Exercise: With the pictures omitted, write out the entries that follow exactly as they stand.

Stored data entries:
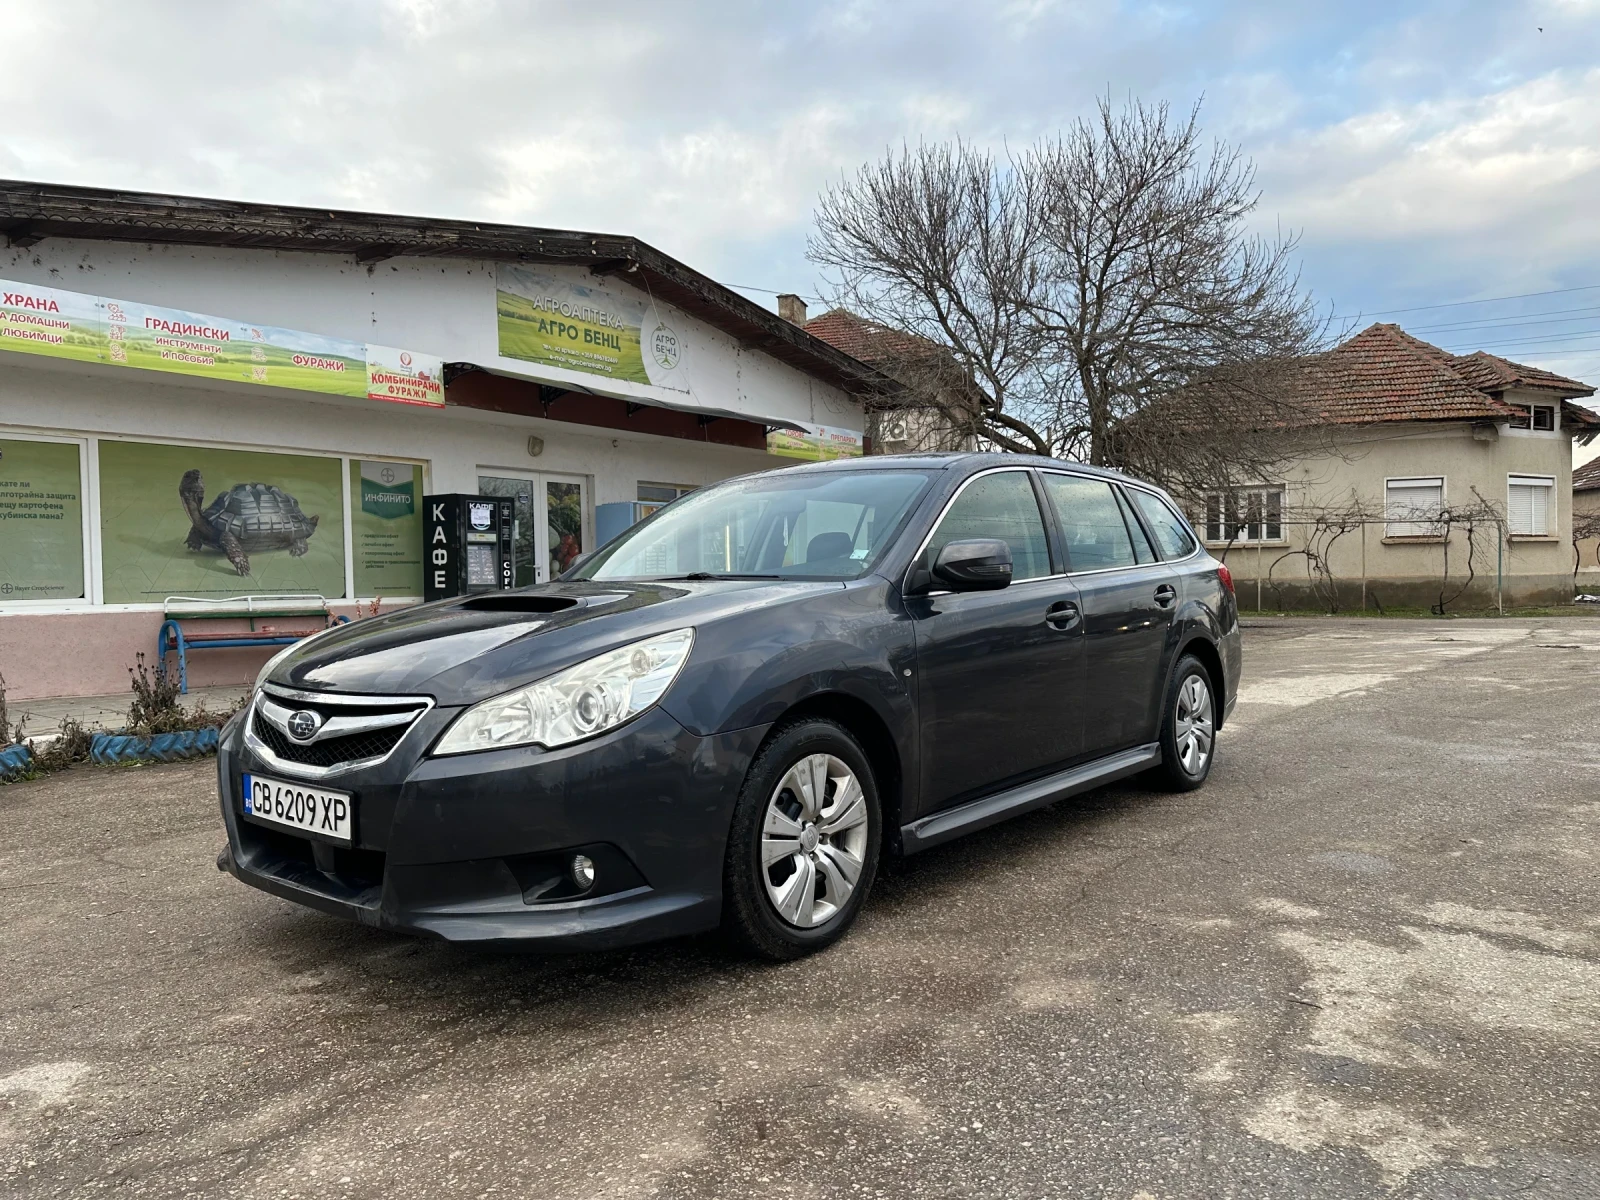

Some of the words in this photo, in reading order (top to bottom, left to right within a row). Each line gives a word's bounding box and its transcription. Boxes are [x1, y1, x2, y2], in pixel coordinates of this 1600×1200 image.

[3, 292, 60, 313] ХРАНА
[533, 295, 624, 331] АГРОАПТЕКА
[10, 313, 70, 330] ДОМАШНИ
[145, 317, 230, 341] ГРАДИНСКИ
[3, 328, 63, 344] ЛЮБИМЦИ
[538, 318, 579, 341] АГРО
[584, 328, 621, 352] БЕНЦ
[656, 334, 677, 346] АГРО
[156, 337, 222, 354] ИНСТРУМЕНТИ
[656, 344, 677, 357] БЕНЦ
[162, 351, 169, 359] И
[171, 353, 214, 365] ПОСОБИЯ
[292, 354, 345, 372] ФУРАЖИ
[371, 372, 441, 395] КОМБИНИРАНИ
[388, 385, 427, 399] ФУРАЖИ
[831, 434, 857, 444] ПРЕПАРАТИ
[0, 491, 45, 500] лготрайна
[46, 493, 76, 501] защита
[364, 493, 411, 504] ИНФИНИТО
[0, 502, 17, 510] ещу
[18, 502, 64, 511] картофена
[432, 503, 448, 588] КАФЕ

Exercise result:
Some of the words in this photo, in reading order (top to bottom, left to right within a row). Each line gives a word's bounding box and its transcription. Boxes are [x1, y1, x2, y2], in pixel coordinates of this 1600×1200 image.

[3, 292, 60, 313] ХРАНА
[533, 295, 624, 331] АГРОАПТЕКА
[10, 313, 70, 330] ДОМАШНИ
[145, 317, 230, 341] ГРАДИНСКИ
[3, 328, 63, 344] ЛЮБИМЦИ
[538, 318, 579, 341] АГРО
[584, 328, 621, 352] БЕНЦ
[656, 334, 677, 346] АГРО
[156, 337, 222, 354] ИНСТРУМЕНТИ
[656, 344, 677, 357] БЕНЦ
[162, 351, 169, 359] И
[171, 353, 214, 365] ПОСОБИЯ
[292, 354, 345, 372] ФУРАЖИ
[371, 372, 441, 395] КОМБИНИРАНИ
[388, 385, 427, 399] ФУРАЖИ
[831, 434, 857, 444] ПРЕПАРАТИ
[0, 491, 45, 500] лготрайна
[46, 493, 76, 501] защита
[364, 493, 411, 504] ИНФИНИТО
[0, 502, 17, 510] ещу
[18, 502, 64, 511] картофена
[432, 503, 448, 588] КАФЕ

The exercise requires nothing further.